Netflix has 5377 movies and 2400 TV shows, there are more number movies on Netflix than TV shows.

##### 3. Will the gained insights help creating a positive business impact? 
Are there any insights that lead to negative growth? Justify with specific reason.

*   No, the gained insights help a positive business impact.

*   No, there are no such insights that lead to negative growth.


#### Chart - 2 : Director

In [None]:
# Chart - 2 visualization code
# Top 10 directors in the dataset
plt.figure(figsize=(15,6))
df[~(df['director']=='Unknown')].director.value_counts().nlargest(10).plot(kind='bar')
plt.title('Top 10 directors by number of shows directed')
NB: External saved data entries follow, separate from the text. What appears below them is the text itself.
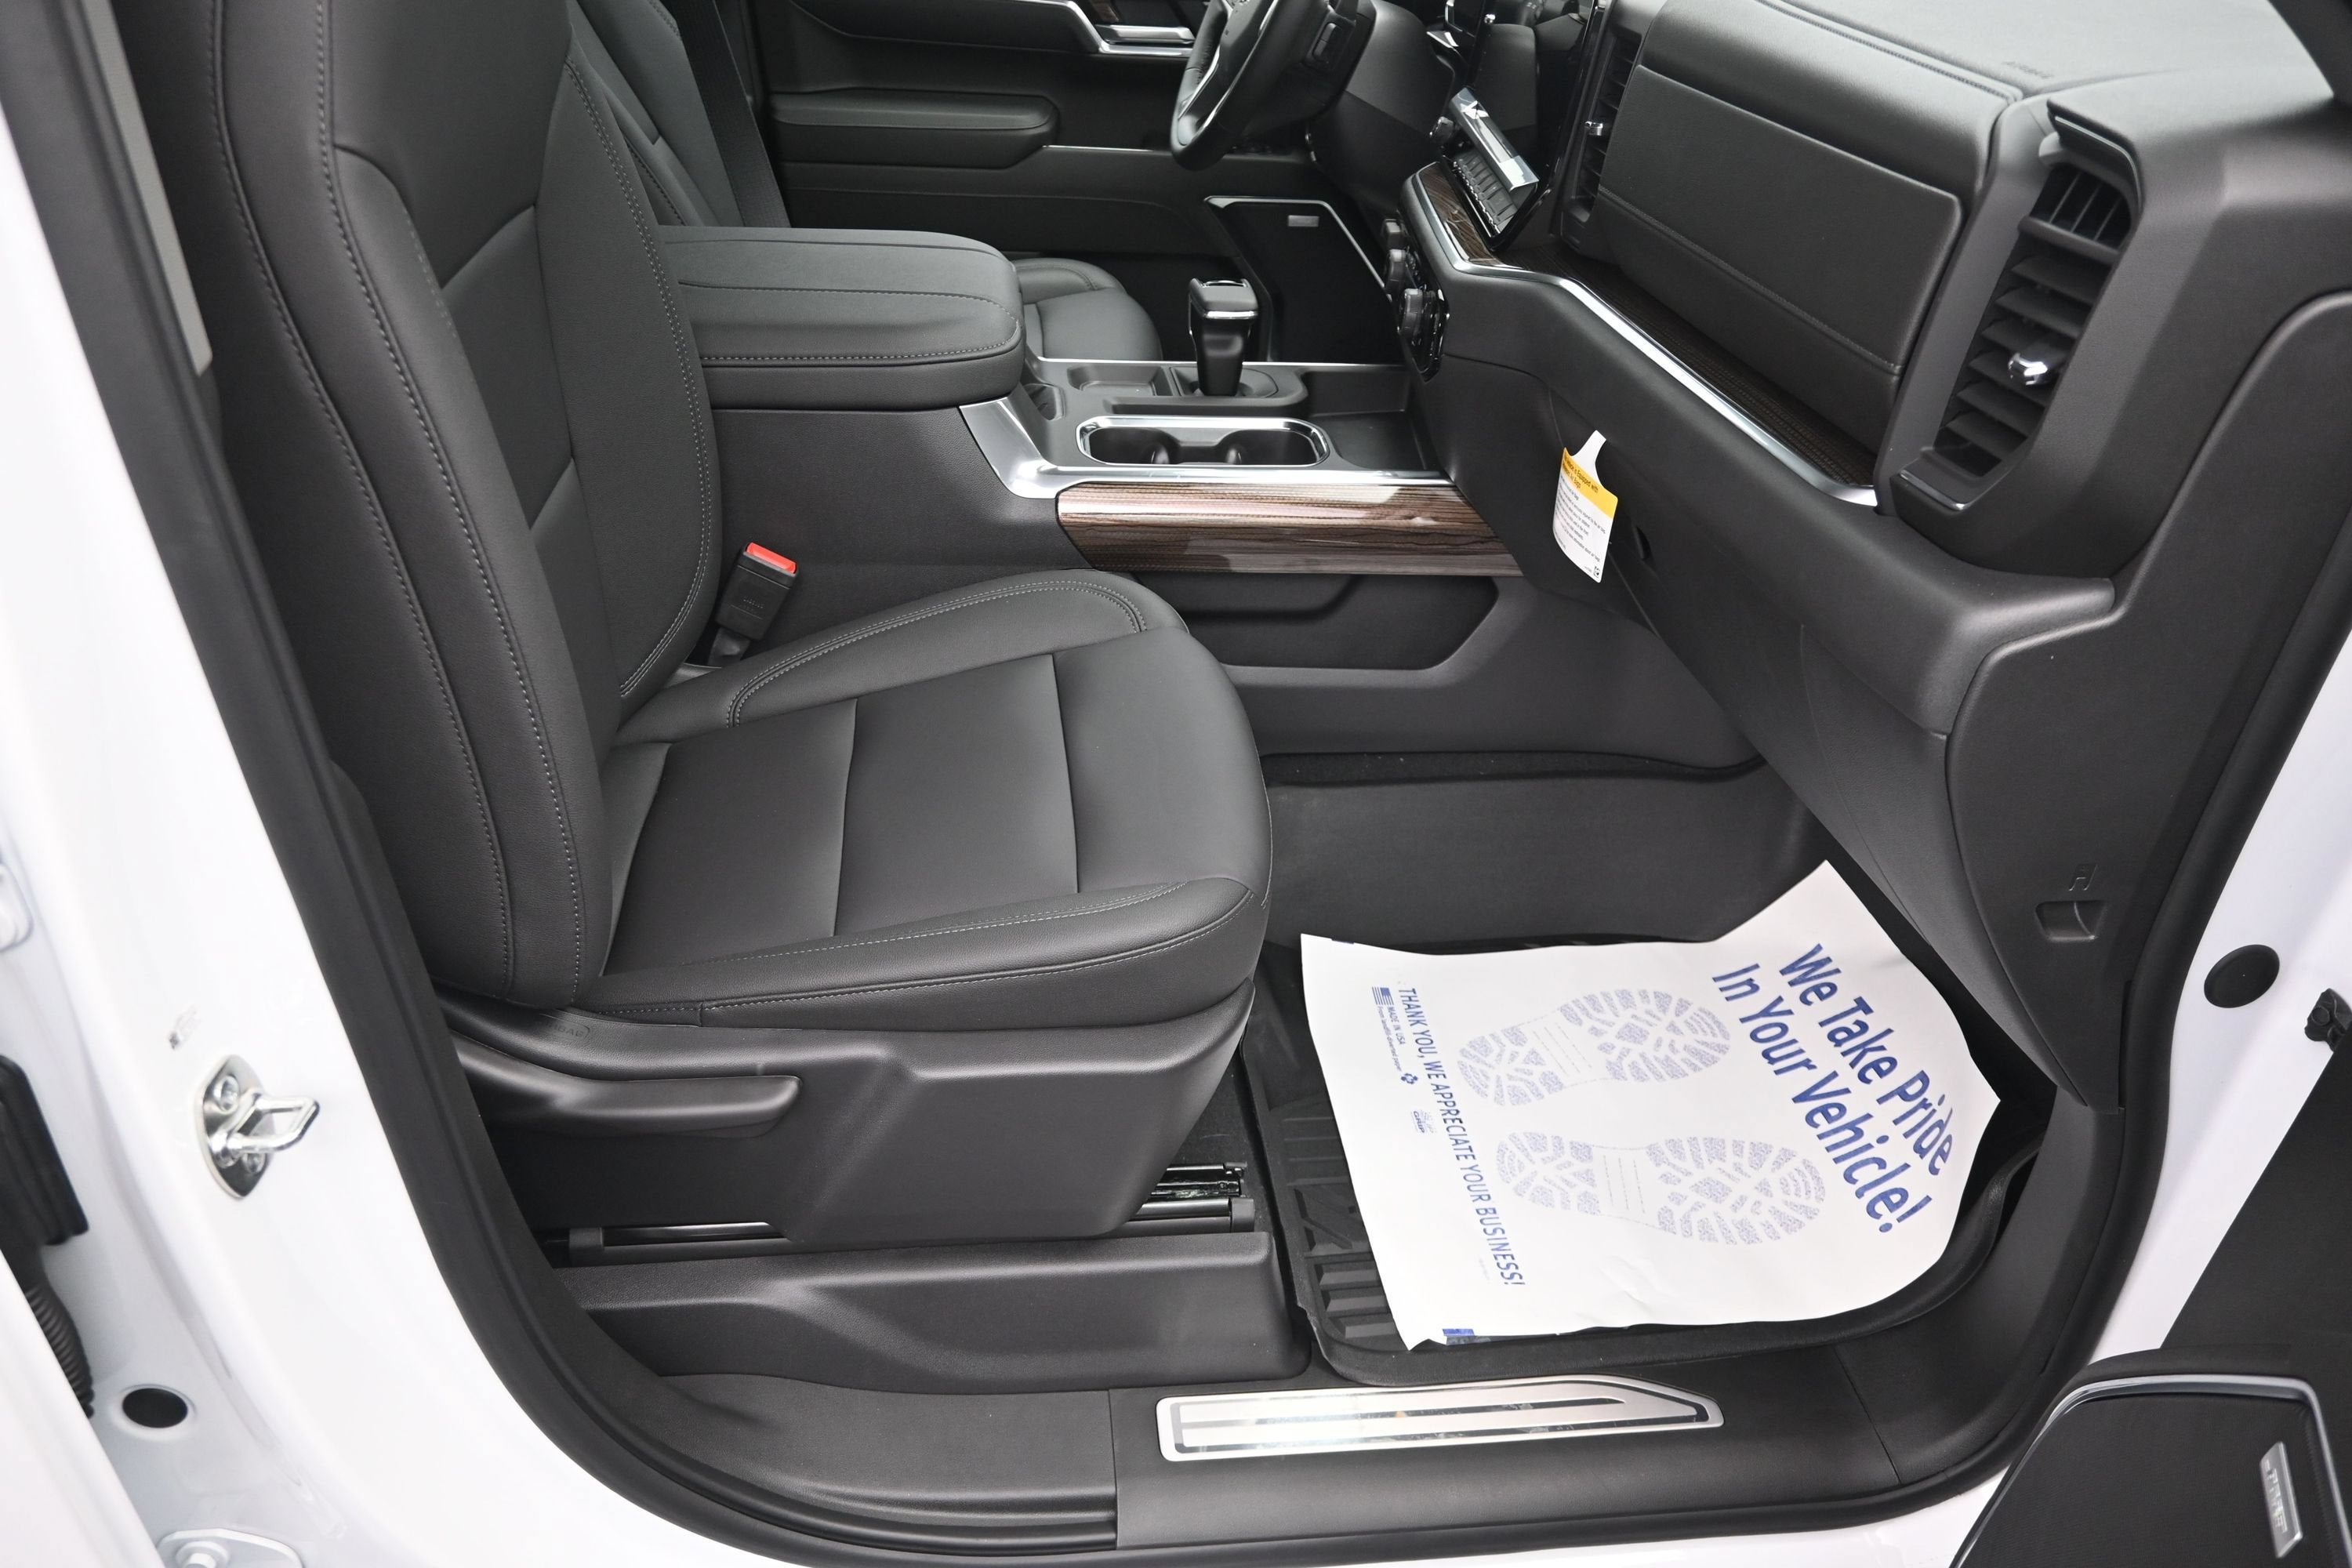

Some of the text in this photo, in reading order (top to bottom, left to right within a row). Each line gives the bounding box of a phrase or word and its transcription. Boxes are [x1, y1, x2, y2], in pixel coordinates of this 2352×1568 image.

[1387, 1006, 1399, 1022] MADE
[1396, 1032, 1406, 1045] USA
[1399, 988, 1428, 1027] THANK
[1413, 1029, 1438, 1059] YOU,
[1779, 943, 1953, 1176] We Take Pride
[1423, 1061, 1446, 1080] WE
[1712, 963, 1933, 1233] In Your Vehicle!
[1413, 1110, 1425, 1133] GRIP
[1431, 1083, 1476, 1161] APPRECIATE
[1460, 1164, 1492, 1203] YOUR
[1475, 1207, 1526, 1285] BUSINESS!
##### 1. Why did you pick the specific chart?

A barplot (or barchart) is one of the most common types of graphic. It shows the relationship between a numeric and a categoric variable.

##### 2. What is/are the insight(s) found from the chart?

*   Raul Campos and Jan Suter together have directed 18 movies / TV shows, which is higher than anyone in the top 10 director in dataset.
*   Ryan polito & david dhawan have lowest no of directed movies / TV shows which is 8 & 9 respectively in top 10 director dataset.



##### 3. Will the gained insights help creating a positive business impact? 
Are there any insights that lead to negative growth? Justify with specific reason.

*   No, the gained insights didn't create a positive business impact.
*   No, there are no such insights that lead to negative growth.


#### Chart - 3 : Release year of TV Shows/movies

In [None]:
# Chart - 3 visualization code
#Analysing how many movies released per year in last 20 years
movies_year =df['release_year'].value_counts().sort_index(ascending=False)
movies_year[:20]
plt.figure(figsize=(15,5))
sns.countplot(y=df['release_year'],data=df,order=df['release_year'].value_counts().index[0:20])
plt.show()


##### 1. Why did you pick the specific chart?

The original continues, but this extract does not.